Music

Being Billy

Strayhornband
Billy Strayhorn joined Duke Ellington’s band at age 22 in 1939.

A new CD celebrates the work of gay composer Billy Strayhorn.

By Tim Brookover

By now, savvy queer music enthusiasts know that Billy Strayhorn, who lived as an openly gay man at a time that being out and public was especially rough, worked side by side with Duke Ellington, one of the giants of 20th-century music. Fans with a bit more insight realize that Strayhorn wrote “Lush Life,” the ennui-infused cabaret standard (which opens “I used to visit all the very gay places”). Even dedicated aficionados, though, may not realize the depth of Strayhorn’s work as a composer and arranger over rich a career that spanned the ’30s to the ’60s.

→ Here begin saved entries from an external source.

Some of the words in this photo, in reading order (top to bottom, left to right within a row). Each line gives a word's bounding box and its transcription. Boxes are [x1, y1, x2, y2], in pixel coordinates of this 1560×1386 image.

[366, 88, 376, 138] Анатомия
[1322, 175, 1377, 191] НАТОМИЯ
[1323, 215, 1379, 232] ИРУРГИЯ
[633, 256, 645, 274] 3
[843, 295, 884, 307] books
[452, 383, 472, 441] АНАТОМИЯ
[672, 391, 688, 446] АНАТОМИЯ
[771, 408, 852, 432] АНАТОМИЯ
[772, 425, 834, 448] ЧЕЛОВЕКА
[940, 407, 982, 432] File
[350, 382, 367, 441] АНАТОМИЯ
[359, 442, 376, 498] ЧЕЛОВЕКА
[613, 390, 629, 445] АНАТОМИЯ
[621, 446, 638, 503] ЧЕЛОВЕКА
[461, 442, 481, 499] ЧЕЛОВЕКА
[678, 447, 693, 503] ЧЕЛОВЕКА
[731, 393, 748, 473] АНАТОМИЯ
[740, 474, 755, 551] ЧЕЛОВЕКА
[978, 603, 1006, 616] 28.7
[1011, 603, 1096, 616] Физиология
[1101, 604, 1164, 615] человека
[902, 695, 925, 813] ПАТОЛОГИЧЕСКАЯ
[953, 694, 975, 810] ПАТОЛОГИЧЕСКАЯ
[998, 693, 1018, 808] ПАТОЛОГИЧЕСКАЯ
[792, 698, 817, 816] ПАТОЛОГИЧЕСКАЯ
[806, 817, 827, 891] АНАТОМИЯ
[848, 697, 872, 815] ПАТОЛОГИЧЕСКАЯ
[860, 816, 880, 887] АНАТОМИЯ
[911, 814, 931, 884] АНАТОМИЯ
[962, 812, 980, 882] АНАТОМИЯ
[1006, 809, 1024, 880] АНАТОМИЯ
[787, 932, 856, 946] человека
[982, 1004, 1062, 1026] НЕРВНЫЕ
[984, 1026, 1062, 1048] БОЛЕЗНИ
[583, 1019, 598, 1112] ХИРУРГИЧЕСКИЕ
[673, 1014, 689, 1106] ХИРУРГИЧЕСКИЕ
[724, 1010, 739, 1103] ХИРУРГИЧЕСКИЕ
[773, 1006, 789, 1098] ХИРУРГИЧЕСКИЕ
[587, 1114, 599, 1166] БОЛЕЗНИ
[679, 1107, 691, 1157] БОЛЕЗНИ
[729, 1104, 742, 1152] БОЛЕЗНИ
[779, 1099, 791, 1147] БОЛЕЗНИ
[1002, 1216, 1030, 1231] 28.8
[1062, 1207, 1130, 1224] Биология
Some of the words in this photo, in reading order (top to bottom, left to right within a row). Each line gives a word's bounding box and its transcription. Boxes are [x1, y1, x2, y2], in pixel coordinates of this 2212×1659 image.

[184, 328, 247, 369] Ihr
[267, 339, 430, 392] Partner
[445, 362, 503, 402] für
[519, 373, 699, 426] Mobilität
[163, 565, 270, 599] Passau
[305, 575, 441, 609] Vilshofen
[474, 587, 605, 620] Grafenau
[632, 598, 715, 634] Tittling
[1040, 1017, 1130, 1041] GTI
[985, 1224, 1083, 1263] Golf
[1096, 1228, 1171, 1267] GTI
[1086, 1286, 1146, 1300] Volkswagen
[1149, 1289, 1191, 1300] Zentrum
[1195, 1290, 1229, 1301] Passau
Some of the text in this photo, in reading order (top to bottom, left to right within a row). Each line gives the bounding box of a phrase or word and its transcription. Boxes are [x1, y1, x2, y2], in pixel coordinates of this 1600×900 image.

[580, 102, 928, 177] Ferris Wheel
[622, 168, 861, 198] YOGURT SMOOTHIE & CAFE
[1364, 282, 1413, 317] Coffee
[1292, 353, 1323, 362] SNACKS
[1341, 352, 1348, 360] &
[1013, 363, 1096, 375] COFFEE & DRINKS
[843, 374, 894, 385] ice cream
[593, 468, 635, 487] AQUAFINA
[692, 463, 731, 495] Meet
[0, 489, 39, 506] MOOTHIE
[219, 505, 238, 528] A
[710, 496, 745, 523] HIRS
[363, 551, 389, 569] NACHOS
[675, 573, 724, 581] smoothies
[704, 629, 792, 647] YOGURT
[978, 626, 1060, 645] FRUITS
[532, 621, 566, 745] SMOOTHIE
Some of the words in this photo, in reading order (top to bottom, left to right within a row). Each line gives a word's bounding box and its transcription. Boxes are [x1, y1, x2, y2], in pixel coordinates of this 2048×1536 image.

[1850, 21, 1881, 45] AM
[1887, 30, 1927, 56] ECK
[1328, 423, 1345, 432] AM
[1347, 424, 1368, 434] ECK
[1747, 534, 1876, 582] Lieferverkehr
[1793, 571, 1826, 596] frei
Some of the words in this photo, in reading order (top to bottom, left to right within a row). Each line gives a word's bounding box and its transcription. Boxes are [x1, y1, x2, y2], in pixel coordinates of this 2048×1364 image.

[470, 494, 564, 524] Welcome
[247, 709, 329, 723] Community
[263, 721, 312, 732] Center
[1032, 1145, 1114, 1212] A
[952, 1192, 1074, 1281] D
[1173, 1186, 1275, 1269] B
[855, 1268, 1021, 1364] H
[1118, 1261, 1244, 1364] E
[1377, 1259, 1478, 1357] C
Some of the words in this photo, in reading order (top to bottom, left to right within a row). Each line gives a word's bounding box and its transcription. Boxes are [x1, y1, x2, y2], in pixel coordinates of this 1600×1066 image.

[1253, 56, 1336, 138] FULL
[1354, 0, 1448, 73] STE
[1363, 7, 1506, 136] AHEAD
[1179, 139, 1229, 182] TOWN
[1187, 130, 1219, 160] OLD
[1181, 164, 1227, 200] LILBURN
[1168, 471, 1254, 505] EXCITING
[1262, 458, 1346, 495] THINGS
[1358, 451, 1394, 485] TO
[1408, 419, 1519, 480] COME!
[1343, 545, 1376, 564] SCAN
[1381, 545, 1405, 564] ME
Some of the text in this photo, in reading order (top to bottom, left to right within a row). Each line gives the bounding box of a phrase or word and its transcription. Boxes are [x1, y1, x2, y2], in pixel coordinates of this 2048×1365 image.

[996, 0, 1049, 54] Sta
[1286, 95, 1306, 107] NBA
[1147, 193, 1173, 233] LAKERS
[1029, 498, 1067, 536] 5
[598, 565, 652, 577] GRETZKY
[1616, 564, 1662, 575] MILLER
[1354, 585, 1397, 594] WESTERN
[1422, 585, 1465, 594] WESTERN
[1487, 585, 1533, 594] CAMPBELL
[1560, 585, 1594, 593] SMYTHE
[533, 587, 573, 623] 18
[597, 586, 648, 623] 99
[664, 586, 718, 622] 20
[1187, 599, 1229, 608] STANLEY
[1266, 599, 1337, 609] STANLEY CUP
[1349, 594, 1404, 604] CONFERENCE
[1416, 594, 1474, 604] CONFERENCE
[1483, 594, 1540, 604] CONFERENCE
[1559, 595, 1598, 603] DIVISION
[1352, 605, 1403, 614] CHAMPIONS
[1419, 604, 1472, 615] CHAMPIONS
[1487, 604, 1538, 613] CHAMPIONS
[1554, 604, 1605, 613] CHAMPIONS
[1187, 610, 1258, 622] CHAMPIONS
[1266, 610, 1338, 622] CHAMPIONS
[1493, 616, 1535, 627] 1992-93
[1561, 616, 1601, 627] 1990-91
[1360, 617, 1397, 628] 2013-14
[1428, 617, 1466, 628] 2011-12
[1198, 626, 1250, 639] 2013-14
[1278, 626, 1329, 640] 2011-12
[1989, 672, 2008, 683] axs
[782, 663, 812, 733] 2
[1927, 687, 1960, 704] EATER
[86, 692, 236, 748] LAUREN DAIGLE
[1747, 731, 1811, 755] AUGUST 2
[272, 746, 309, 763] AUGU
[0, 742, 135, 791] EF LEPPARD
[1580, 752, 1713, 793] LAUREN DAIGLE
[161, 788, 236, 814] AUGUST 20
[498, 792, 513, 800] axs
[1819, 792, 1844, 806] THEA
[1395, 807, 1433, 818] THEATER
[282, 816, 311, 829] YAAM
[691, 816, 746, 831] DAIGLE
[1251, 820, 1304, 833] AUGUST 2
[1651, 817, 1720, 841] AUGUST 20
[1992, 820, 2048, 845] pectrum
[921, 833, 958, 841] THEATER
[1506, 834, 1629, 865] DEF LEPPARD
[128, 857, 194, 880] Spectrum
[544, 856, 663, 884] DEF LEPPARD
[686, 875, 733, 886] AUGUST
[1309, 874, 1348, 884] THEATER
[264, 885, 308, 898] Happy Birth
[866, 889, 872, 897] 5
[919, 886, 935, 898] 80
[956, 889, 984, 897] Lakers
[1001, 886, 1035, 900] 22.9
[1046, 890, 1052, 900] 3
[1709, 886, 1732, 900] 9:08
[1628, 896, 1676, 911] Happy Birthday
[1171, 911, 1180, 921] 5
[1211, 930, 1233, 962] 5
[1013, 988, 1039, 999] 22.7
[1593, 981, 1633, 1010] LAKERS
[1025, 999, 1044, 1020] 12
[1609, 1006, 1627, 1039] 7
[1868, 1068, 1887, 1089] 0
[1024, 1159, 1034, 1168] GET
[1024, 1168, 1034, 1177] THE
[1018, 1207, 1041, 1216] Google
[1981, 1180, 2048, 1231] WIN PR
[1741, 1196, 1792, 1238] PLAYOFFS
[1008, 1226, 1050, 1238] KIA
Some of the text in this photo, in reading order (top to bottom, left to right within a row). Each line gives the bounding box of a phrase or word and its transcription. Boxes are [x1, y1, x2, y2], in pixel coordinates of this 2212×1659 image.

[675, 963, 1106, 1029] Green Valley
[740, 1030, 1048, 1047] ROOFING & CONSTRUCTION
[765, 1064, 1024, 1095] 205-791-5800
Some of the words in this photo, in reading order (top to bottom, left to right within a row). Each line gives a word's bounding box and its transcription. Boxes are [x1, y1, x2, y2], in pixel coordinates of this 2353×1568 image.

Now a new CD released by jazz giant Blue Note seeks to bring greater attention to this most under-recognized American songwriter. Billy Strayhorn: Lush Life, released this month, contains 15 compositions performed by contemporary jazz stars, including Joe Lovano and Dianne Reeves. Elvis Costello, whose musical interests span genres, contributes a haunting rendition of “Blood Count,” Strayhorn’s final composition, which he wrote in the hospital shortly before his death in 1967 (with lyrics by Costello and here renamed “My Flame Burns Blue”). Reeves, unquestionably the premier jazz vocalist of her generation, celebrates Strayhorn with six tracks, including “Lush Life.” Reeves and the other performers appear in a new Robert Levi documentary airing on February 6 as part of the PBS series Independent Lens.